Jon Corippo from CUE.org launched into his dynamic menu of protocol style lesson ideas to start our morning off. What I love about him is his humor, and low-prep/high interest innovations such as “Iron Chef” and “8 Parts Protocol.” These are classroom web/online protocols, or routines, that are taught frequently until students become familiar with them. Then, the protocol stays the same, while the content changes. Students are able to focus on the new content because they are already familiar with the protocol. This keeps prep to a minimum for the teacher, and grading is a snap because responses are digital and easily viewed at once. He’s recently authored a book called EduProtocols, and I can’t wait to read it!
First workshop of the day for me was “Screencasting Made Simple” with the wonderful Scott Marsden. I have to admit that this was the second time I took this course. I took it last year, and since I didn’t practice it, I forgot what I had learned. Additionally, I apparently installed Screencastify and also forgot! This goes to prove that you need to practice your new skills, or you lose them. Now that I am in the Innovative Learning program at Touro, I have had many reasons to learn how to create screencasts, and more than a couple of opportunities to practice the skill. This made it great to take Scott’s workshop again to deepen my learning. We were able to try out some fancy microphones and compare Screencastify features with Screencast-O-Matic’s, all with Scott there to guide us.
For my second session, I jumped at the chance to spend more time learning from Jon Corippo, for “Unstructured Time with Jon.” During this session, he showed us an innovative way to get ALL students to respond to a resource in pairs, using a protocol called “Cyber Sandwich.” The resource could be any educational prompts that you want students to compare/contrast. All students take notes on their source on a google slide, and then compare and report out on similarities or differences on a new slide. Then these slides are shared out with the class and perhaps combined to create whole class findings. We also practiced using the Quizizz app as a quick way to improve student success with memorization-type standards/skills. He pointed out that this app allows students to work at their own pace (unlike Cahoot), and quickly move to the top of the class based on performance. The app gives you data on the most difficult questions, length of time taken to answer, and more. When you give the same quiz again, students are highly motivated to perform better and most often do! Again, very little prep and no grading for the teacher--especially when teachers work together to create quizzes.
My next session was “F is for Feedback.” This was a great session geared toward the importance of feedback, and how to give students the skills to provide quality feedback to one another. I really enjoyed the connection to John Hattie’s work, and how feedback is one of the most effective tools for student growth. The rubric process introduced in this workshop would surely hit two birds with one stone.
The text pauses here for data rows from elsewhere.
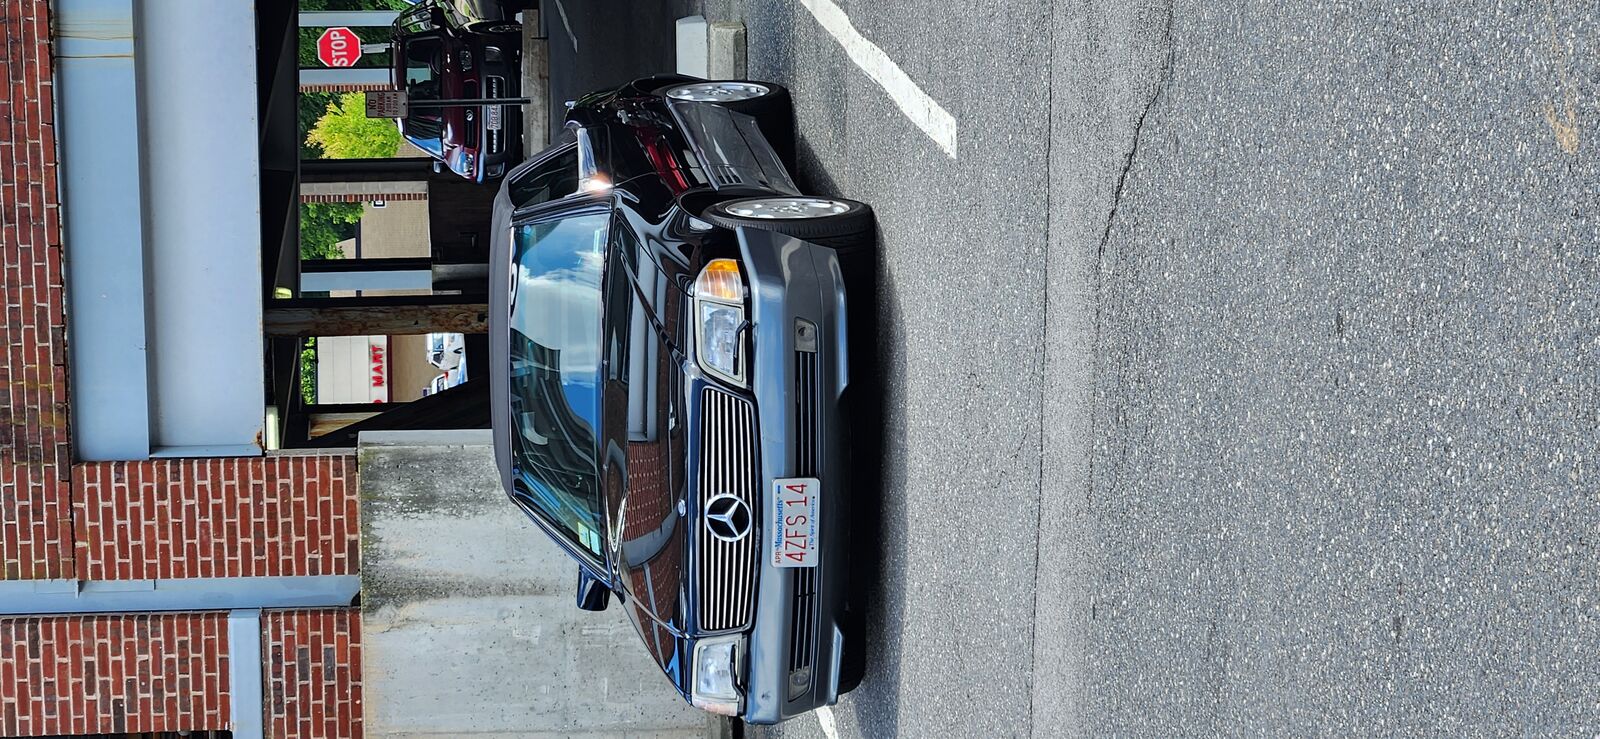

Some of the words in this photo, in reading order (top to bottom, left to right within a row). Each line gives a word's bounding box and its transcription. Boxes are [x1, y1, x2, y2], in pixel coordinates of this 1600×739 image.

[330, 31, 348, 66] STOP
[368, 99, 376, 109] NO
[377, 92, 385, 116] PARKING
[371, 345, 384, 387] MART
[785, 483, 807, 507] 14
[775, 499, 783, 548] Massachusetts
[784, 515, 807, 562] 4ZFS
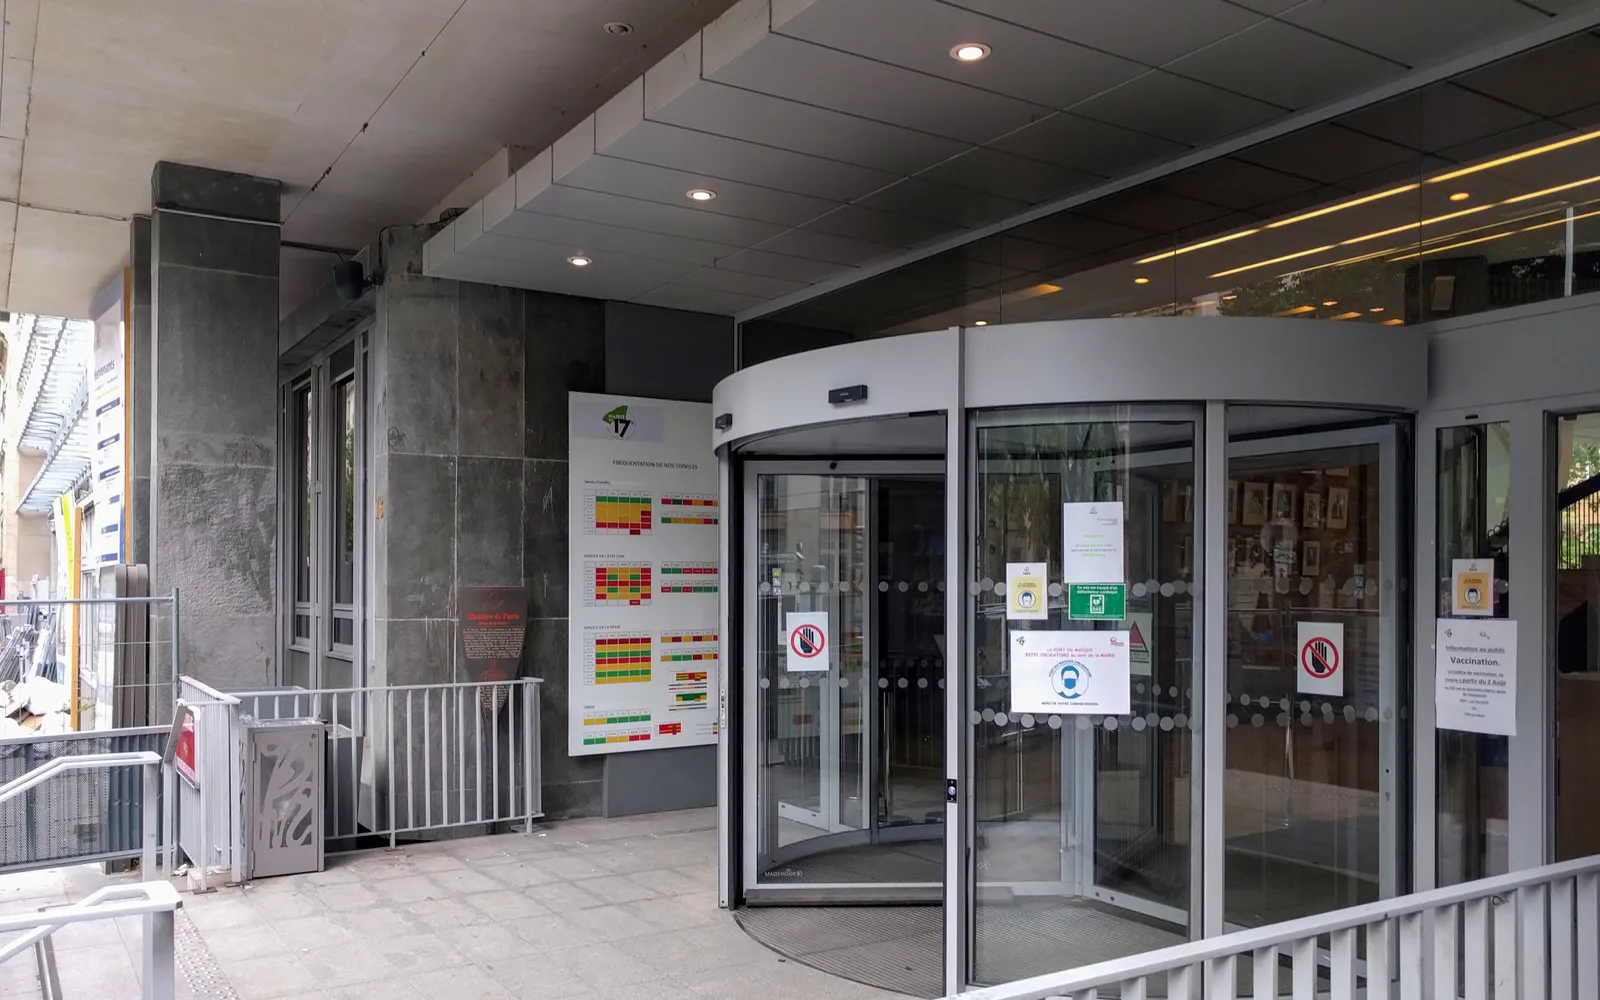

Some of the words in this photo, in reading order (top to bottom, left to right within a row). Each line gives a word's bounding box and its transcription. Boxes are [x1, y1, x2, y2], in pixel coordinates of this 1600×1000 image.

[1487, 646, 1506, 655] public
[1450, 656, 1501, 667] Vaccination.
[1491, 679, 1506, 687] Août
Students would learn to give accurate feedback to their peers AND through the process, instantly be given crystal clear expectations for their own work.
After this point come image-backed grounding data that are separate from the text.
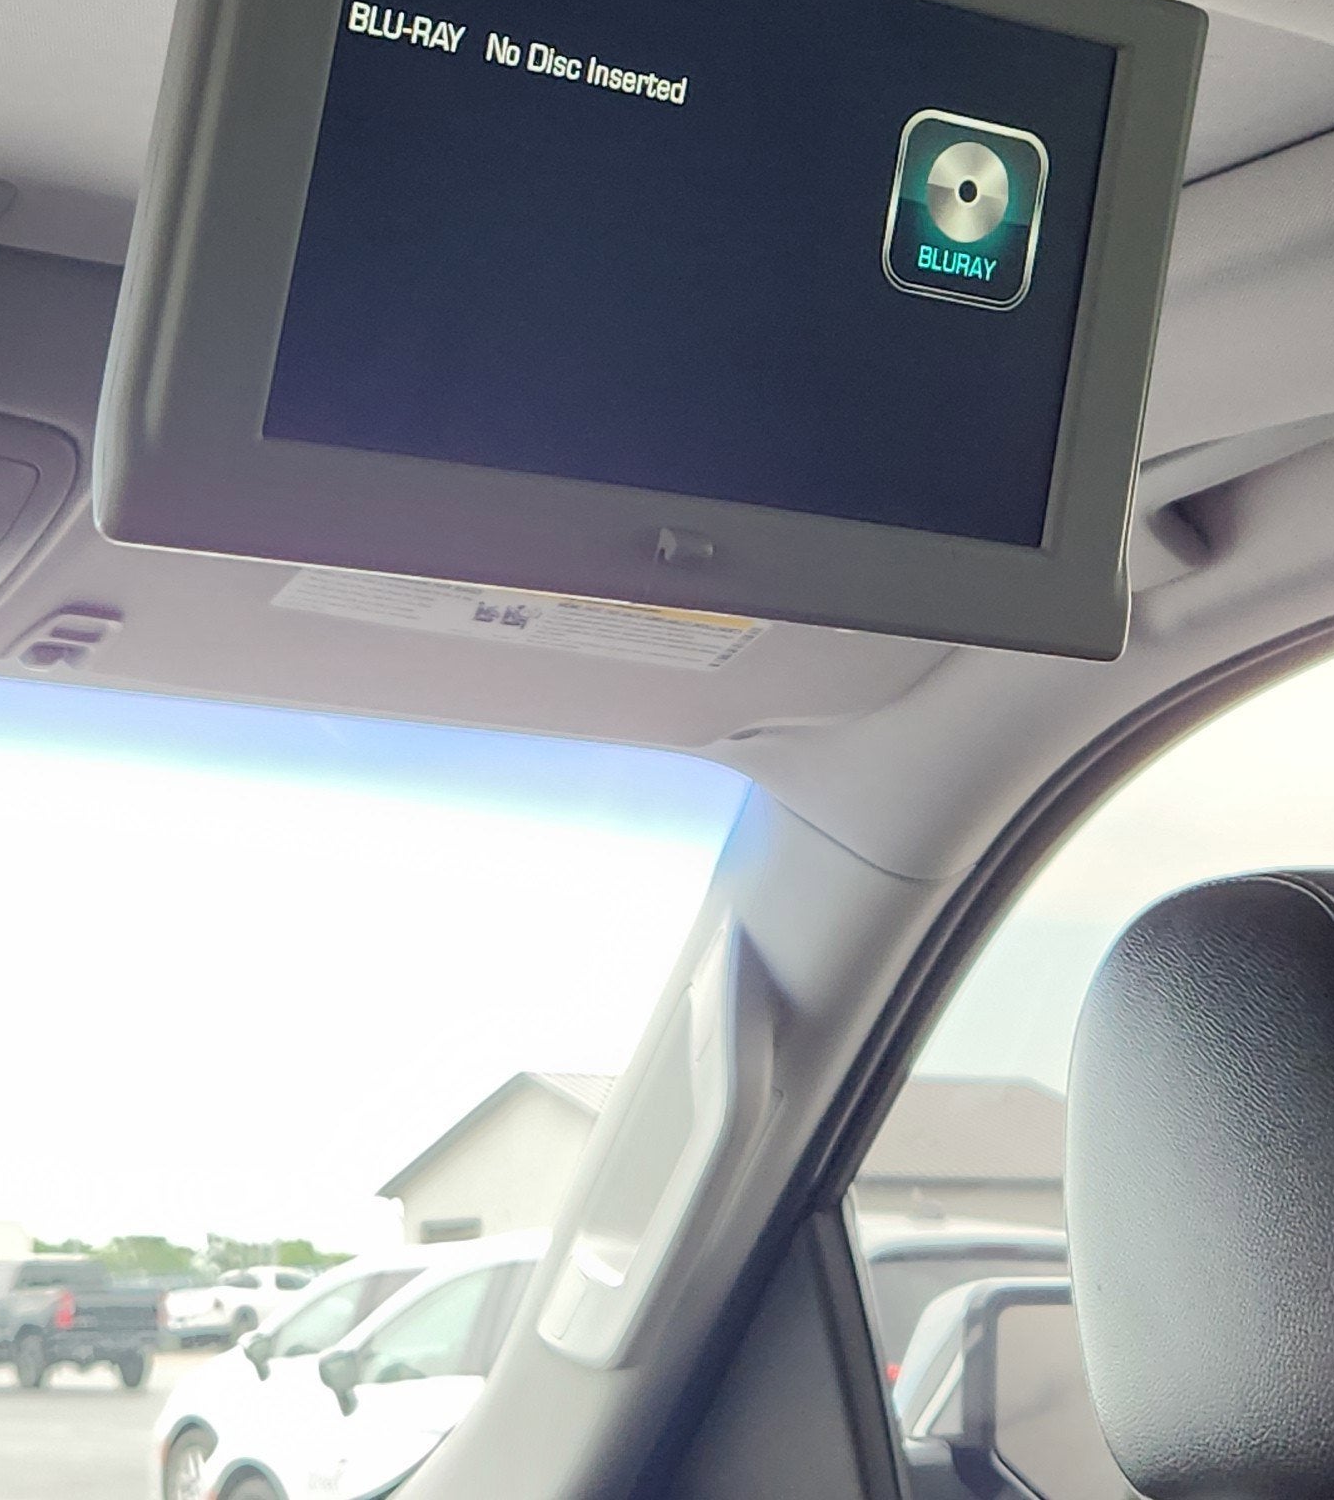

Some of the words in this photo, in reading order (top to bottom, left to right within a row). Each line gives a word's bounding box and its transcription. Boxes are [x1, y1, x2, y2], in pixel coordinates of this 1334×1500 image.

[347, 0, 467, 53] BLU-RAY
[484, 32, 521, 67] No
[525, 41, 582, 81] Disc
[585, 55, 688, 106] Inserted
[917, 244, 997, 282] BLURAY
Finally, the last session of the day for me was “Mass Individualization with Merge Tools.” I have never been able to wrangle any skill involving merging--so I decided to feed the growth mindset voice in my head on this one. While I was able to follow along step-by-step successfully, I honestly doubt I would be able to reproduce the results I got in this workshop. Perhaps I selected something outside the range of my ability level. During the workshop, we spent time in Google Sheets (I should’ve know at that point that this was out of my league), and fooled around with two add-ons for Sheets called “FormMule” and “AutoCrat.” Both seem like wonderful apps. I just don’t think I’ll be ever able to use them on my own. Then again, I might find myself back in a year building up these skills just like I did with Screencastify!